1. Aí está mais um campeonato do mundo para confirmar o que, desde sempre, se suspeitava e o que, desde há muito, se sabia: o futebol é bastante mais que um desporto.
Ele tornou-se também um fenómeno mediático de dimensões singulares e uma actividade económica de proporções únicas.
Não deixa, com efeito, de ser sintomático ver como é que, numa altura de crise, a humanidade consegue desligar dos problemas para se concentrar nas vicissitudes de uma bola conduzida por vinte e dois homens.
E é poderosamente significativo verificar as somas vultuosas de dinheiro que, mesmo no epicentro da supracitada crise, continuam a ser movimentadas à volta deste fenómeno.
2. Há, sem dúvida, uma necessidade infrene de escapar, nem que seja por uns dias, à dureza da realidade. Impressiona vivamente a identificação das populações com uma realização que, à partida, é meramente lúdica.
O real esmaga-nos com a sua crueza. O futebol não nos dá pão, mas vai oferecendo (quando oferece) contentamento, exultação e farta vivacidade.
Em poucas ocasiões os sentimentos se soltam como no futebol: a alegria, a tristeza, a proximidade, a violência, o patriotismo.
A bem dizer, a terra tem semelhanças com a bola e, pelos vistos, é a bola que mais a faz movimentar.
Há uma espécie de relação simbiótica que ilustra este impacto planetário do futebol. Não é a terra tão redonda como a bola e não é a bola tão redonda como a terra?
3. O futebol faz-nos lembrar e faz-nos também esquecer. Até parece que o nosso compromisso com a causa da justiça desaparece às portas do futebol.
Sofremos com a vida, mas pouco nos incomodam os milhões que serpenteiam no futebol.
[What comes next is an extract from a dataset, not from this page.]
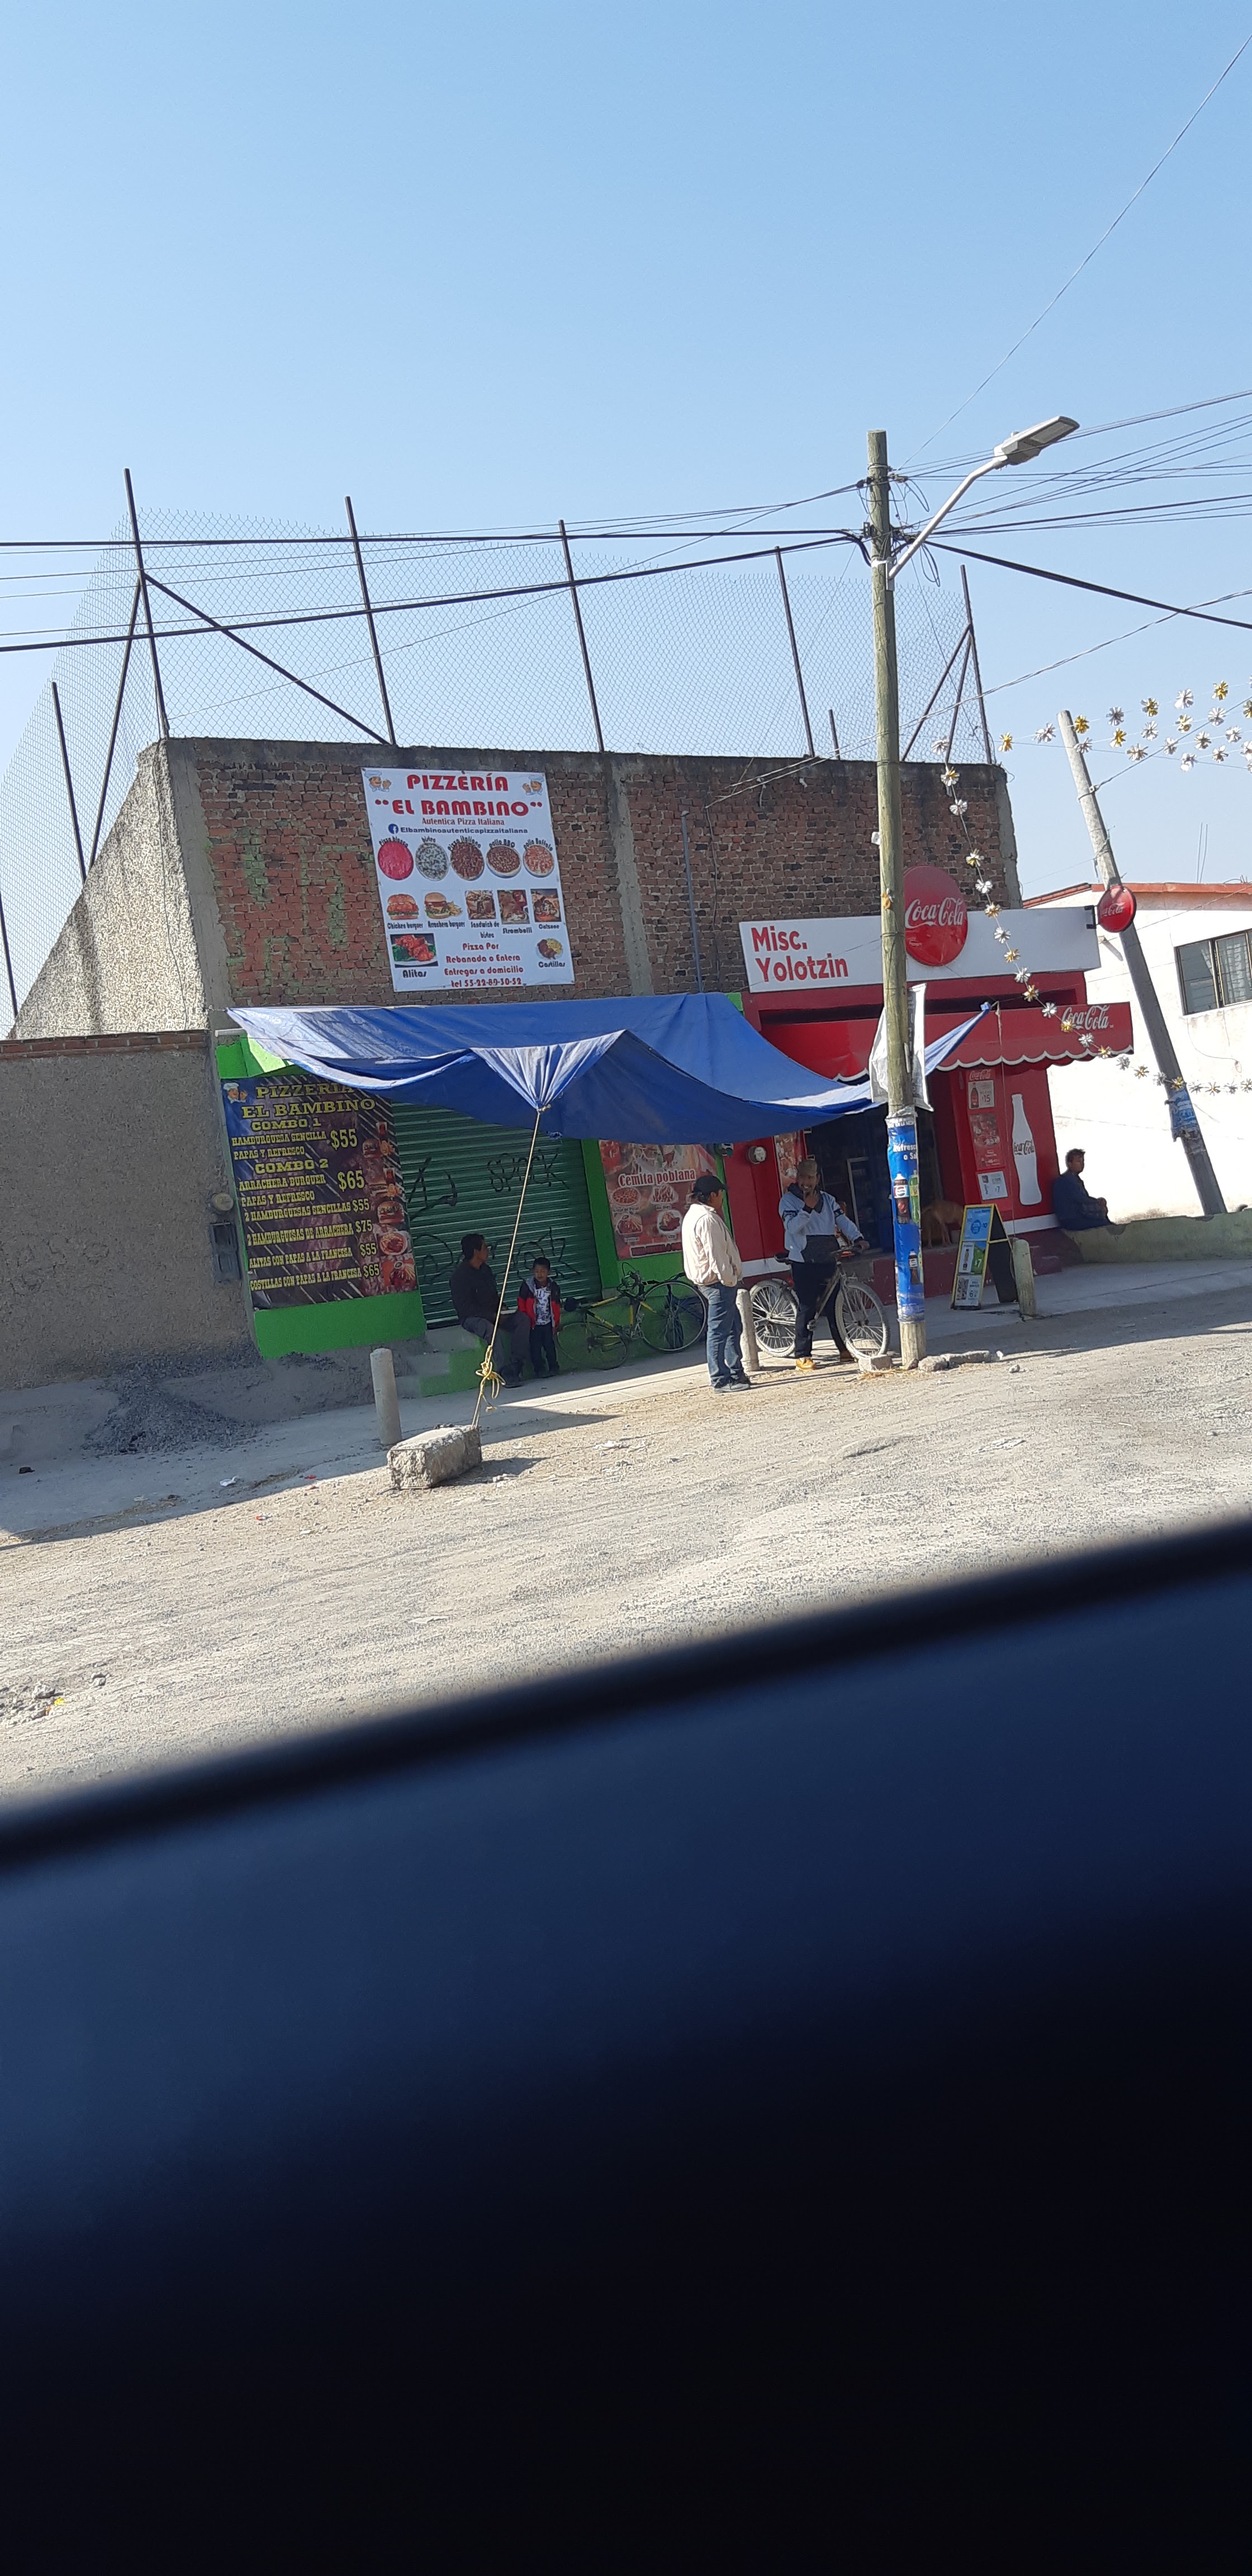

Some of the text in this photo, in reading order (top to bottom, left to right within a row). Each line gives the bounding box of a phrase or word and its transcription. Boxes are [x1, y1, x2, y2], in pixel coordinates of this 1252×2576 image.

Até os mais pobres exultam com o investimento que os seus clubes fazem no plantel. Desde que as vitórias venham, todos os sacrifícios são bem-vindos e todas as somas acabam por ser vitoriadas.
Não espanta, assim, que o futebol seja muito mais que um desporto.
Há quem faça dele uma ciência e apresente as tácticas e as jogadas como algo acabado de sair de um laboratório ou de uma sebenta.
Também não falta quem o patenteie emoldurado em belas peças de literatura.
E, claro, abunda igualmente quem o transfigure numa acção bélica como se de uma guerra se tratasse.
Desde logo, a linguagem eleva o futebol ao patamar de uma questão de vida ou de morte. É como se tudo esteja em jogo numa partida. Daí os feridos. Daí as mortes. E daí as vitórias não só de alguém, mas contra alguém.
O futebol é um fenómeno antropológico de grande complexidade. Ele mistura a eficácia com a arte. Nele há lugar tanto para a elite como para o popular.
É uma amálgama que tanto faz aproximar como explodir. É verdadeiramente imprevisível.
4. Como não podia deixar de ser, também não escasseia quem assimile o futebol à religião.
Dir-se-ia que o ser humano não passa sem rituais. E se não os faz nas igrejas, não os dispensa nos estádios.
A conversação está cheia de pontos comuns. Fala-se da fé no triunfo. Aponta-se o clube como uma religião e o estádio como um inferno.
Há quem faça peregrinações por causa de um jogo e dá-se até o caso de um dirigente ser conhecido como…papa!
Recordo que o anterior seleccionador italiano, Roberto Donadoni, assinalou, há anos, que se Bento XVI e João Paulo II fossem jogadores de futebol, «localizá-los-ia claramente do meio-campo para a frente».
Porquê? Porque, no mundo dos princípios, «não faz falta somente defensores mas também dianteiros».
5. Joseph Ratzinger, que nunca apreciou muito o desporto, refere que o futebol pode «ensinar o respeito mútuo, onde a aceitação de regras por todos faz com que, apesar da contenda, subsista aquilo que une e unifica».
Que este campeonato do mundo sirva, sobretudo, para aproximar pessoas e povos.
Se houver serenidade e entreajuda, ninguém perderá mesmo que alguém não vença.
No campo só uma equipa pode ganhar. Mas, se quisermos, na vida todos poderão sair vencedores!